What the exercise asks » Copy the listing exactly, leaving out every picture.

Data under study »
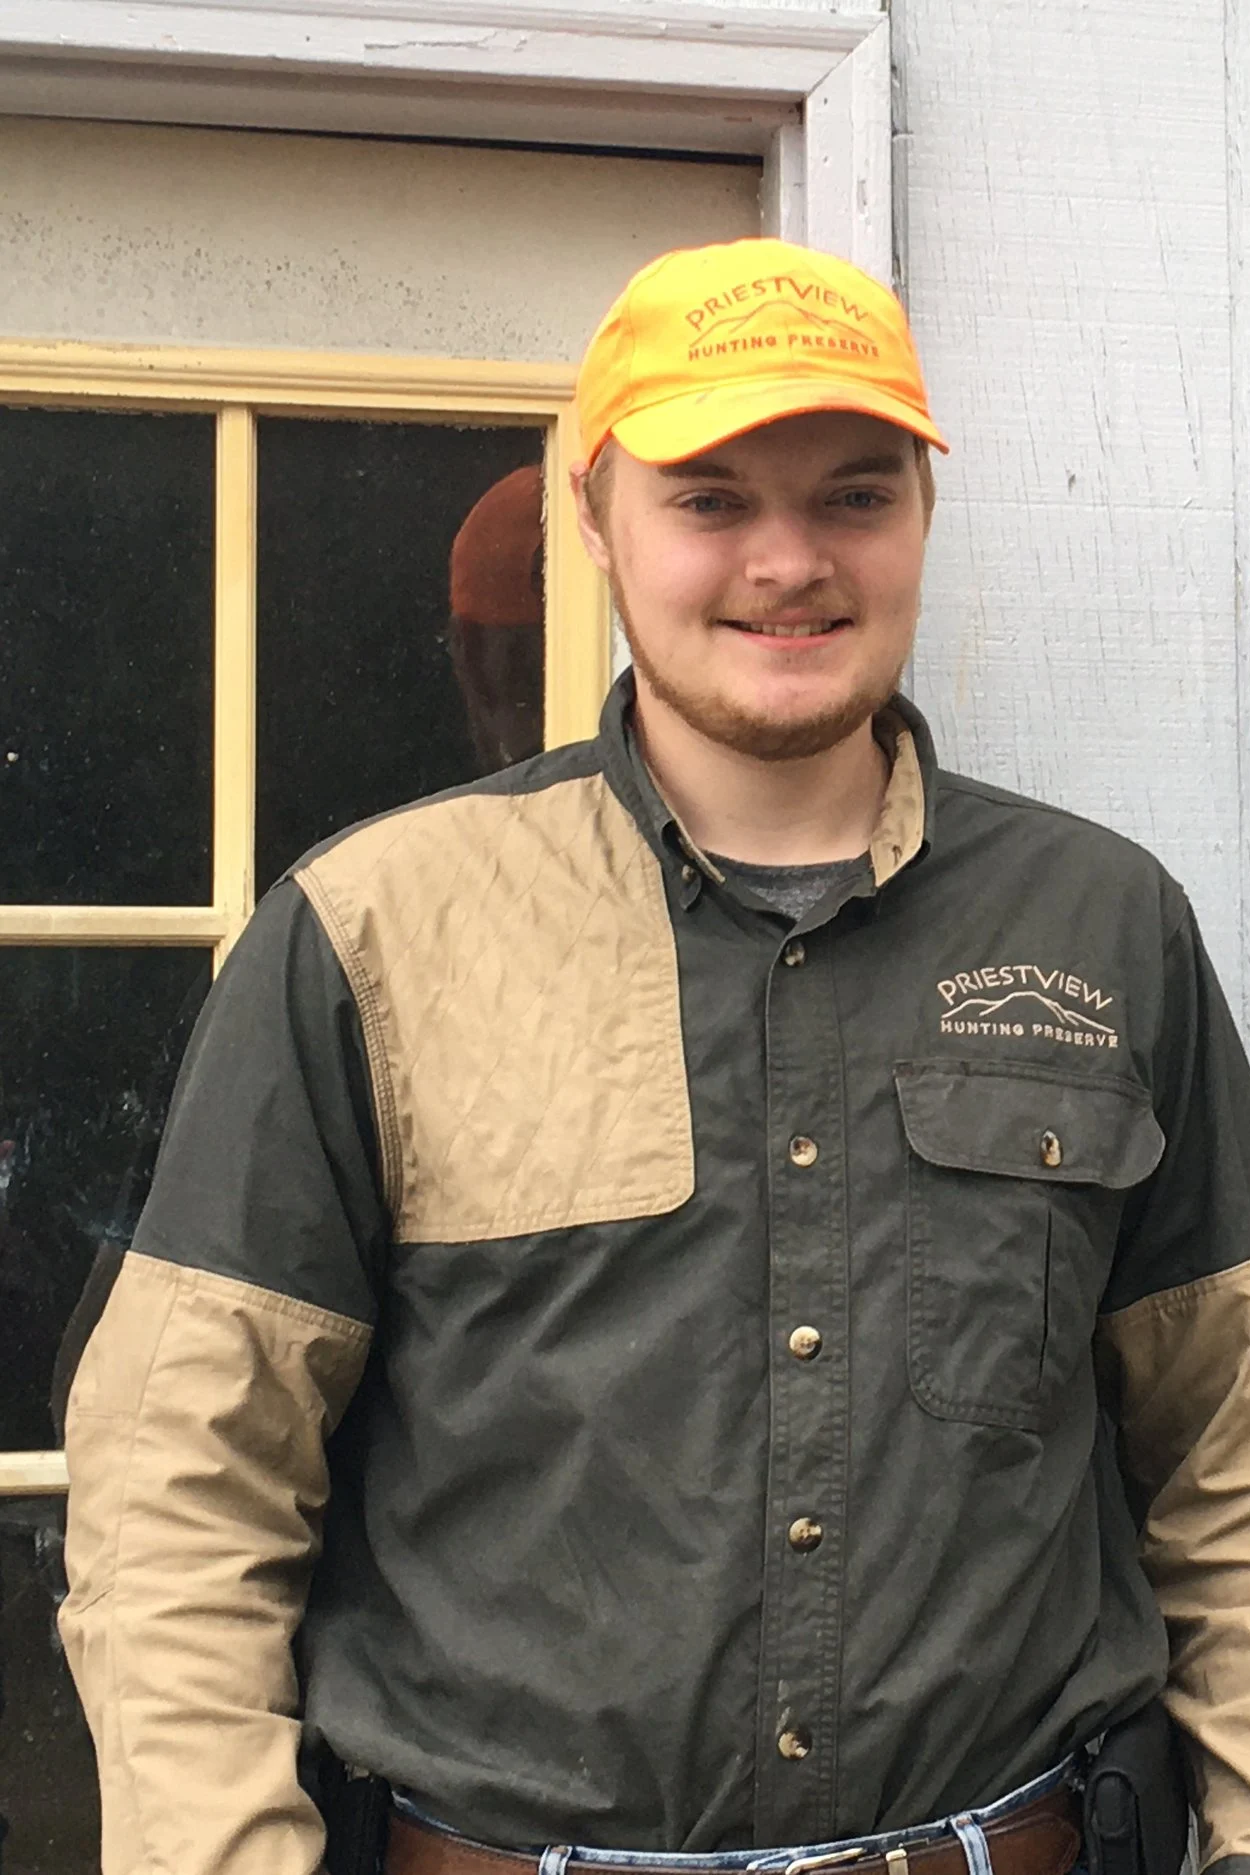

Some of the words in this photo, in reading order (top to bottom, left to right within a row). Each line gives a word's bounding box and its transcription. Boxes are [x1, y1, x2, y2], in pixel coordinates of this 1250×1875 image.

[684, 276, 869, 332] PRIESTVIEW
[688, 335, 778, 361] HUNTING
[788, 334, 880, 358] PRESERVE
[937, 965, 1113, 1011] PRIESTVIEW
[940, 1020, 1025, 1036] HUNTING
[1032, 1023, 1119, 1048] PRESERVE

Exercise output »
Some of the words in this photo, in reading order (top to bottom, left to right within a row). Each line gives a word's bounding box and its transcription. Boxes are [x1, y1, x2, y2], in pixel coordinates of this 1250×1875 image.

[684, 276, 869, 332] PRIESTVIEW
[688, 335, 778, 361] HUNTING
[788, 334, 880, 358] PRESERVE
[937, 965, 1113, 1011] PRIESTVIEW
[940, 1020, 1025, 1036] HUNTING
[1032, 1023, 1119, 1048] PRESERVE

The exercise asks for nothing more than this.